Tutto inizia a Napoli, nella splendida tenuta di Gaetano Trevi. Trentenne, ricchissimo e decadente, ultimo rampollo di una nobile famiglia i cui incesti hanno condotto lo sfortunato Gaetano a una costituzione debole. Colleziona bellezza, viaggia, rifugge la noia come si rifugge la morte. Crudele, libertino, egoista come pochi e abbastanza narcisista da non farsene un cruccio – egli è meglio del mondo, e il mondo può pulirgli le suole delle scarpe.

Gaetano non è un personaggio amabile, e neanche l’autore deve avergli voluto particolarmente bene. Lo dipinge senza imbellettamenti, sottolineandone le brutture. Mi ha ricordato moltissimo il cugino Edoardo di Menzogna e Sortilegio – che parimenti avrei pigliato a calci nel nobile didietro fino a farlo risplendere che manco il naso di Rudolph la renna.

Gaetano è causa del suo male, e le sventure che si è ricamato attorno lo portano a trasferirsi in una proprietà sperduta della Maremma. Con lui una donna del suo passato, una vittima che aveva sacrificato al proprio ego e che tuttavia non sembra fargliene una colpa. Troverà qui la biblioteca occulta, esplorerà le possibilità che possono portarlo alla rovina o al trionfo.

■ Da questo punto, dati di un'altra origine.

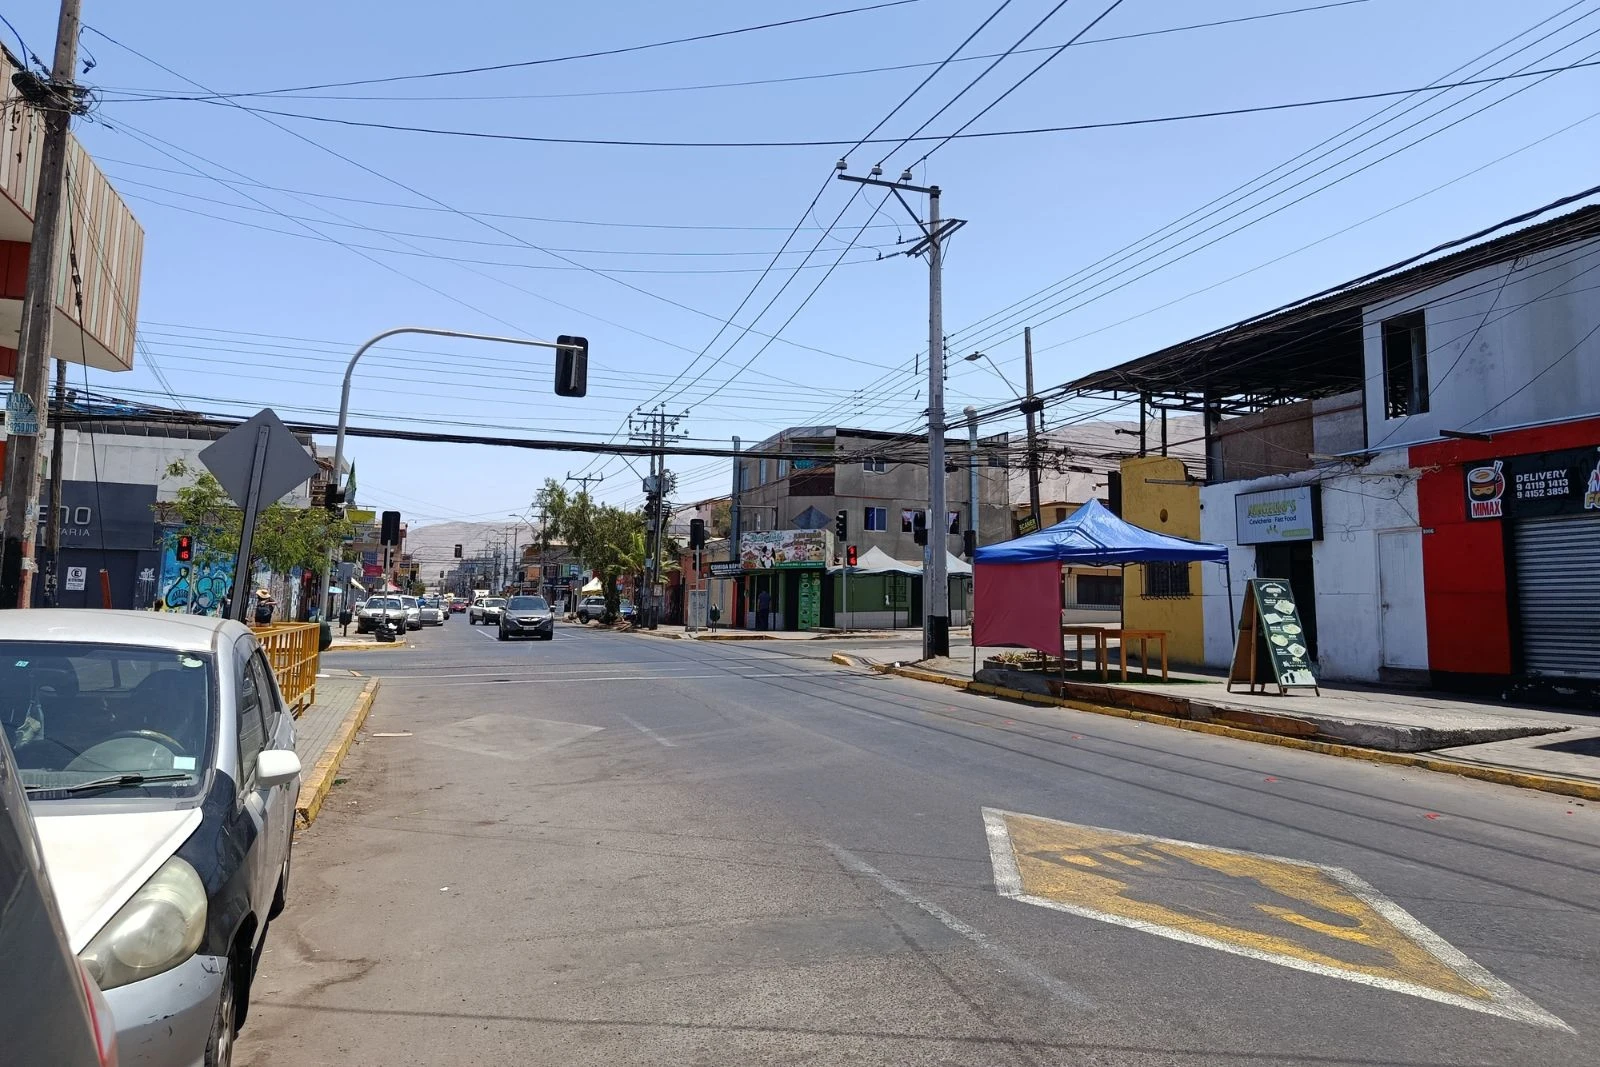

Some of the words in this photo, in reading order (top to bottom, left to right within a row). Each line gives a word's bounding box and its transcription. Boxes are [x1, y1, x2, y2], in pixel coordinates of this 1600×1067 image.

La trama, bisogna ammetterlo, è un po’ sfilacciata. In più punti pare che il romanzo debba e voglia prendere una determinata piega, e pare poi che l’autore se ne dimentichi. Nelle pagine iniziali viene posta molta attenzione su una statua della collezione di Gaetano, e pare quasi debba prendere vita e diventare un elemento arcano centrale nella storia; e invece no, era una statua e a De’ Medici andava di chiacchierarne perché sì. Non c’è da aspettarsi colpi di scena o arguzie narrative di sorta. Non è quel genere di romanzo – e d’altronde, non credo volesse esserlo.

Gomoria è nell’atmosfera, nella perdizione, nella disperazione. Nel baratro che l’uomo si crea e in cui si getta per poi piangerne. Il diavolo dentro di noi che richiama quello fuori, in un rimpallo di dannazione. Gomoria è questo – e l’ho apprezzato un sacco.

(dimenticavo, nella prima parte c’è un sacco di erotismo con un buon tot di riferimenti bibliografici – come per la letteratura occulta, volendo se ne possono trarre un sacco di spunti).